:: What is expected ::
Please restate, word for word, the lines below that begin at the one with "this 960×1280 image." and end at the one with "this 2352×1568 image.". Leave out all other lines.

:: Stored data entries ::
╔══

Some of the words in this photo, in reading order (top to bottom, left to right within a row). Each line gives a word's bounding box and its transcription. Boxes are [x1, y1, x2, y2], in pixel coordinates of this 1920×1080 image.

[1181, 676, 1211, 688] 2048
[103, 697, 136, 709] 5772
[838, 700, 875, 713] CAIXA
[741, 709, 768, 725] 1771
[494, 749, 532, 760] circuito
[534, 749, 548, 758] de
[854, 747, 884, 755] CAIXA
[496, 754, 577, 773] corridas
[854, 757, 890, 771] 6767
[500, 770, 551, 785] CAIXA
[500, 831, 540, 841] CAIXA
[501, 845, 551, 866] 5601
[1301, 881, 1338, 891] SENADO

╚══
╔══

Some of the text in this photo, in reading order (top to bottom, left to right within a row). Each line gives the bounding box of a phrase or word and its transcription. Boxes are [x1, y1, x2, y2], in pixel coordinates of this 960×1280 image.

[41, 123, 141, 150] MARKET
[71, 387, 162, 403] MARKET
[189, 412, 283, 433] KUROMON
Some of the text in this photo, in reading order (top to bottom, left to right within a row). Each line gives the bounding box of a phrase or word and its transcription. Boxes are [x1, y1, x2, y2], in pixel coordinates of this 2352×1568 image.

╚══

:: Solution for this task ::
Some of the text in this photo, in reading order (top to bottom, left to right within a row). Each line gives the bounding box of a phrase or word and its transcription. Boxes are [x1, y1, x2, y2], in pixel coordinates of this 960×1280 image.

[41, 123, 141, 150] MARKET
[71, 387, 162, 403] MARKET
[189, 412, 283, 433] KUROMON
Some of the text in this photo, in reading order (top to bottom, left to right within a row). Each line gives the bounding box of a phrase or word and its transcription. Boxes are [x1, y1, x2, y2], in pixel coordinates of this 2352×1568 image.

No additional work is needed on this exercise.